Les jours qui suivent sont rythmés par nos cueillettes et par la chaleur étouffante. Comme je m’en doutais, chaque heure passée en compagnie de Pia me rend la tâche plus ardue qu’elle ne l’était déjà. Qu’est-ce qui m’a pris, d’être sympa avec elle comme j’aimerais vraiment l’être ? D’arranger notre amitié, celle que je sabote volontairement pour ne pas être trop tenté d’aller plus loin ? D’abord, Arlo s’est douté de quelque chose. Ce n’est qu’une question de temps avant que Pia soit au courant, elle aussi.

Au bout d’une semaine, Pia et moi discutons comme nous aurions toujours dû le faire, et je n’arrive plus à m’en passer. Je veille même à rester proche d’elle lorsque nous travaillons, afin de pouvoir continuer à parler entre les pauses.

— Honnêtement ? Oui, j’adore ce que je fais, lui confié-je dans un sourire alors que nous en sommes venus à aborder le métier de fruiticulteur.

— Et ça n’est pas trop dur ? Physiquement, de répéter toutes ces tâches ?

Je hoche la tête de gauche à droite.

— Non. C’est un peu fatigant, surtout l’été, mais j’ai toujours l’impression de décider moi-même de ce que je peux faire, et du moment où je le fais. Et puis, je fais pas mal de sport à côté, ça m’aide, poursuis-je.

Pia croque dans un abricot en écoutant ma réponse, et elle semble hésiter un instant.

— Je vois. C’est vrai que c’est sympa, d’être dehors. D’ailleurs, je vais bouger un peu plus, à partir de septembre. C’est une super occasion mais… je pense que ce sera mon dernier été complet ici, avoue-t-elle.

— Pourquoi, dernier été ? lui demandé-je en sentant un nœud se former sous mon nombril. Tu les passes tous ici depuis que tu vis à Paris.

— Je n’en ai pas encore parlé à Zoé ni à Arlo, lance-t-elle, embarrassée. J'ai fini mes études, comme tu le sais peut-être, et j'ai trouvé un super contrat.

— Dans la traduction, ce qui te permettait de revenir par ici et de bosser à distance, comme tu nous l'a toujours dit ? lui demandé-je, plus inquiet que je ne devrais l’être.

Pia hausse un sourcil, l’air surprise que j’aie retenu ses projets d’avenir. Si elle savait.

— C'était le plan. Mais non, là c'est de l'interprétariat. Beaucoup de déplacements, à l'étranger principalement, à des dates un peu aléatoires. Mais c'est la chance de ma vie, c'est un domaine que j'adore alors…

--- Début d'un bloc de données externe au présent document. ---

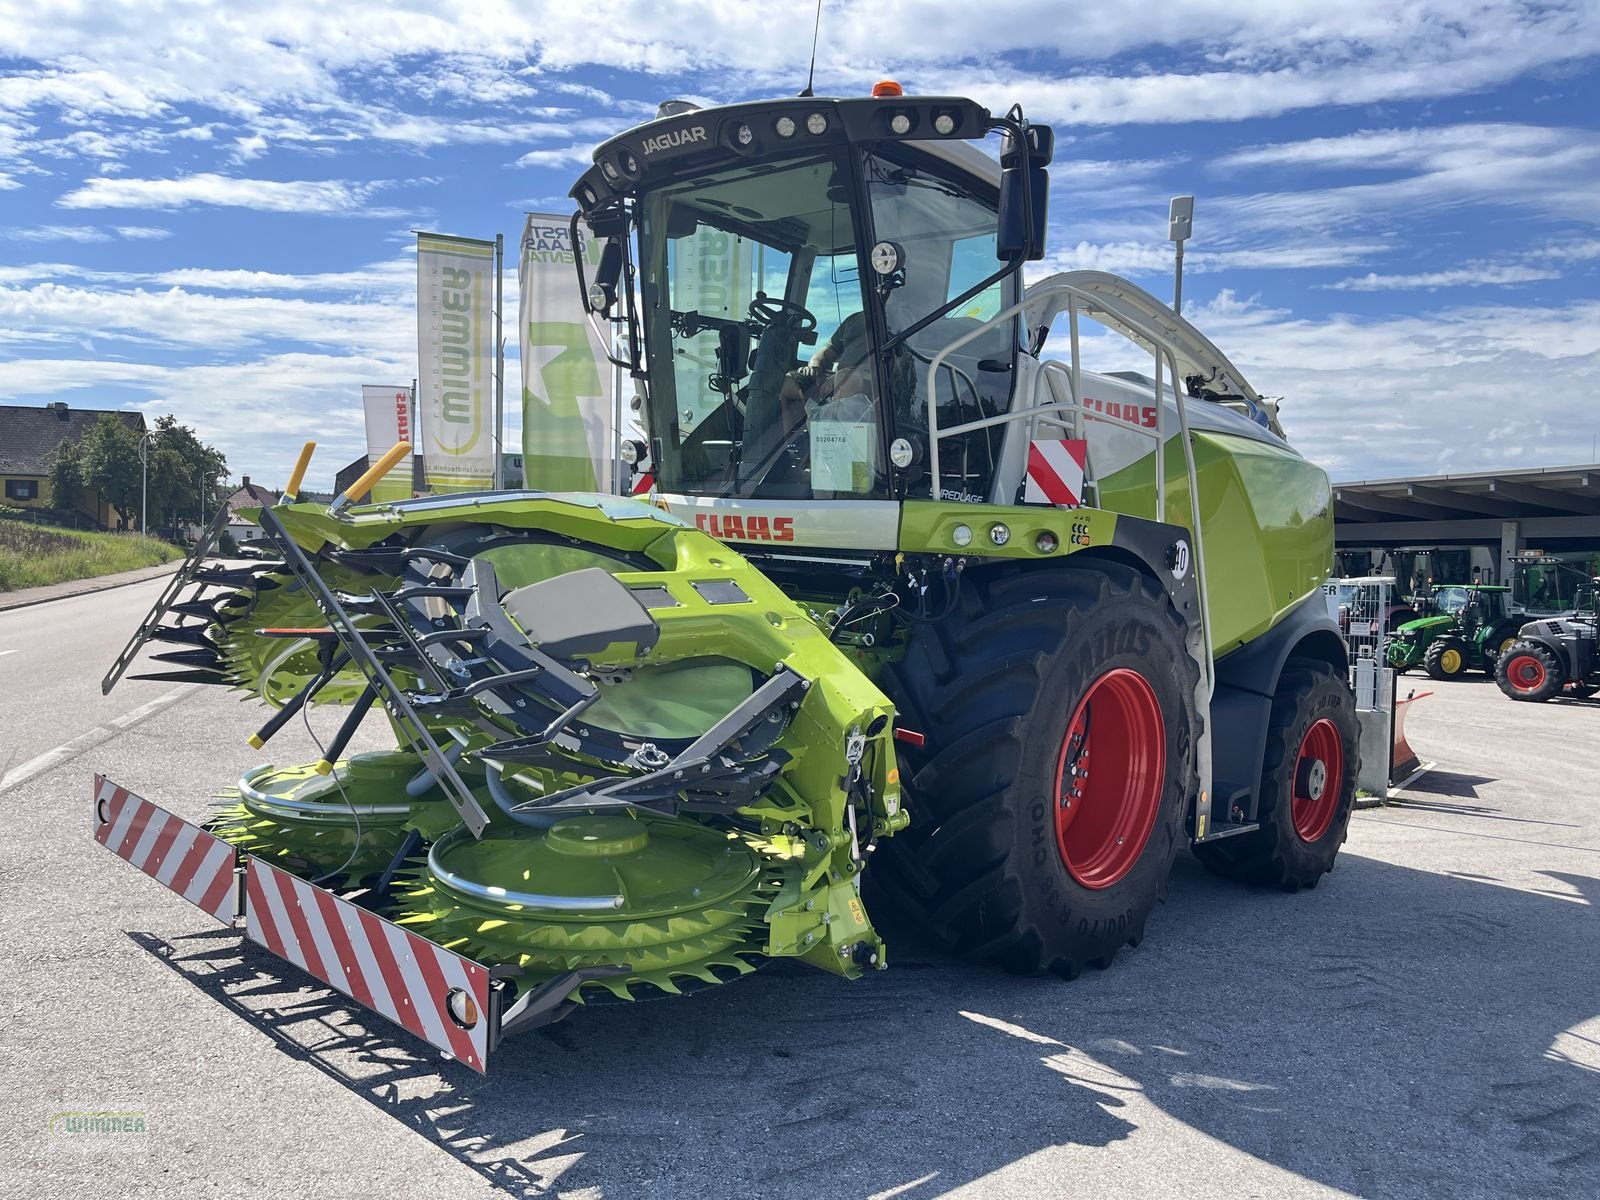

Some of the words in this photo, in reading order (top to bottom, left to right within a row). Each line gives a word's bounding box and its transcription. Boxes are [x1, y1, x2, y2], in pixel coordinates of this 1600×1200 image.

[641, 126, 708, 156] JAGUAR
[928, 487, 984, 503] SREDLAGE
[695, 513, 794, 542] CLAAS

J’ai arrêté de l’écouter dès les premiers mots, mon regard s'est voilé et il fixe un point dans le vide, derrière son épaule. Je me rends compte que nous n'avons pas bougé depuis plus de trois minutes, et que nous sommes toujours face à face, à quelques centimètres à peine l'un de l'autre. J'ai envie de reculer d'un pas et de respirer un grand coup, mais je n'y parviens pas.

Je ne sais pas ce que j’ai cru, ni quel mensonge j’alimente depuis dix ans. Cette semaine m’a pourtant bien prouvé que je ne pourrais jamais me passer d’elle.

Cet entre-deux ne peut plus durer. J’ai essayé de garder mes distances, je nous ai fait souffrir. J’ai voulu être son ami, et ça n’est pas suffisant. Les craintes qui alimentent mes doutes depuis une décennie entière sont en train de s’envoler avec le peu de bon sens qu’il me reste.

Et si la solution la plus impensable, était en fait la plus évidente de toutes ?

Pia

Le regard de Zek s’est assombri dès que j’ai abordé mon départ pour l’étranger. Son expression pensive a figé son visage pendant de longues secondes. Cette semaine, nos discussions se sont intensifiées, les piques acerbes ont fini par disparaître et j'ai l'impression, pour la première fois, d'être rentrée dans la bulle de Zek. C’est indéniable, j'ai envie de voir ce qui s'y cache. Qui s'y cache.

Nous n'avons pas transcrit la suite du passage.